The other day I was being interviewed for an upcoming summit that I’ll be participating in. The woman who was interviewing me asked me about my relationship history, and when she found out that I walked away from my engagement just twenty-eight days before walking down the aisle she said, “Wow Joe, I admire you. That took a lot of courage.“
Her response caught me off guard and initially I didn’t know what to say. In fact, when you hear the interview when it’s released in a few weeks, you will hear me pause.
You see, I didn’t see walking away as being courageous. I saw it as being smart. I knew that If I didn’t walk away, I was headed for an unhappy marriage and a miserable life.
Up until that point in time I was willing to drink the Kool-Aid. I was willing to ignore ALL of the red flags which were flying in my face and I was willing to make all of the excuses as to why I should stay.

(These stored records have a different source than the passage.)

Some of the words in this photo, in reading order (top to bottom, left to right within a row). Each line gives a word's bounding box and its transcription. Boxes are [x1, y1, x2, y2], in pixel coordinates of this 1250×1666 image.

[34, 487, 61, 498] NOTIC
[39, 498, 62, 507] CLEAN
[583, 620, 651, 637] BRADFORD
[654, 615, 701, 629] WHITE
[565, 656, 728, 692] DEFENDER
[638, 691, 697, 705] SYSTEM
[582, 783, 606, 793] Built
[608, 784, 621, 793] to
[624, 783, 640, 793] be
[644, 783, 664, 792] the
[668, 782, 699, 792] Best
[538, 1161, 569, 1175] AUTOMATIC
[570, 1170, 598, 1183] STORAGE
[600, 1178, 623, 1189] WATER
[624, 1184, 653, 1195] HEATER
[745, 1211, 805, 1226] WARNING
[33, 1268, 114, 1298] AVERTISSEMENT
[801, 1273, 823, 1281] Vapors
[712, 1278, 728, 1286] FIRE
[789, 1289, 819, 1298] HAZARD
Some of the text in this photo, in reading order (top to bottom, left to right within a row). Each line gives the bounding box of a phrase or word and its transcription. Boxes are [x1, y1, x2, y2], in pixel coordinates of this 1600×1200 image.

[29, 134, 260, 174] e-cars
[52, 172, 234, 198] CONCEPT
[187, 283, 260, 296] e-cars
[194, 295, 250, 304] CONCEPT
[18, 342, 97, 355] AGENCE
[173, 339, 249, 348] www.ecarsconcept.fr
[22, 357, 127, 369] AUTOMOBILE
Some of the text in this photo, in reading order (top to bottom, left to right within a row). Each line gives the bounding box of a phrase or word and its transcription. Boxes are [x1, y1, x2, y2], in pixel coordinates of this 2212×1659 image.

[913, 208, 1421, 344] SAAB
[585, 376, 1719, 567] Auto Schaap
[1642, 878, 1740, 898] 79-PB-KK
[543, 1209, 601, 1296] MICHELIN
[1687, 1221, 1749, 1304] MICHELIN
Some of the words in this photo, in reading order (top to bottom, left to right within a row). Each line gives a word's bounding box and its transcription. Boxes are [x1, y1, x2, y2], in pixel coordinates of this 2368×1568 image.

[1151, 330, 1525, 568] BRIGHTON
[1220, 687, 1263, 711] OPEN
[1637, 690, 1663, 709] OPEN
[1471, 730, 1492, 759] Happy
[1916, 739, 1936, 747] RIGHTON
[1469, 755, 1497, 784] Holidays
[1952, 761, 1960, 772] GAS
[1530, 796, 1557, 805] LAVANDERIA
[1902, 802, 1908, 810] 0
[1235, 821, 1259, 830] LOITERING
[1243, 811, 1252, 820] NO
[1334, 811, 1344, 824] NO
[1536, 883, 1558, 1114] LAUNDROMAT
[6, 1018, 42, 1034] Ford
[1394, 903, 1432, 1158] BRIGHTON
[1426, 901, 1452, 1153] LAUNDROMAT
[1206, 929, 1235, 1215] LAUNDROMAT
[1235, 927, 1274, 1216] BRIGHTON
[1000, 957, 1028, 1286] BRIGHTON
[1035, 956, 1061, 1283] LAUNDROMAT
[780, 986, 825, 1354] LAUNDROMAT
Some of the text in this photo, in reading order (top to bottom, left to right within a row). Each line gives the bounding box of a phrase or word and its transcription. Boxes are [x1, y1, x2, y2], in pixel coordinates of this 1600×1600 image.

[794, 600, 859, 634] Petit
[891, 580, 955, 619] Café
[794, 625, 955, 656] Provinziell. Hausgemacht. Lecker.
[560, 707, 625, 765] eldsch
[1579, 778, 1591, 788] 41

The truth is I wasn’t courageous, I was a coward. The only reason I stayed in that relationship as long as I did was because I was afraid.
I was afraid I was never going to find someone else to share my life with. I was afraid that I was never going to have the son my heart craved to replace the void in my heart which was created when my dad passed away when I was 15 years old.
I look back now and see how my fear(s) caused me to invest in a relationship I should have never even started.
So, why am I sharing this with you? Because I want you to understand that a relationship created out of fear is like building a house on a bed of sand.
It will look good from a distance and initially it will give you the experience you were hoping for, but sooner or later it’s all gonna come crumbling down.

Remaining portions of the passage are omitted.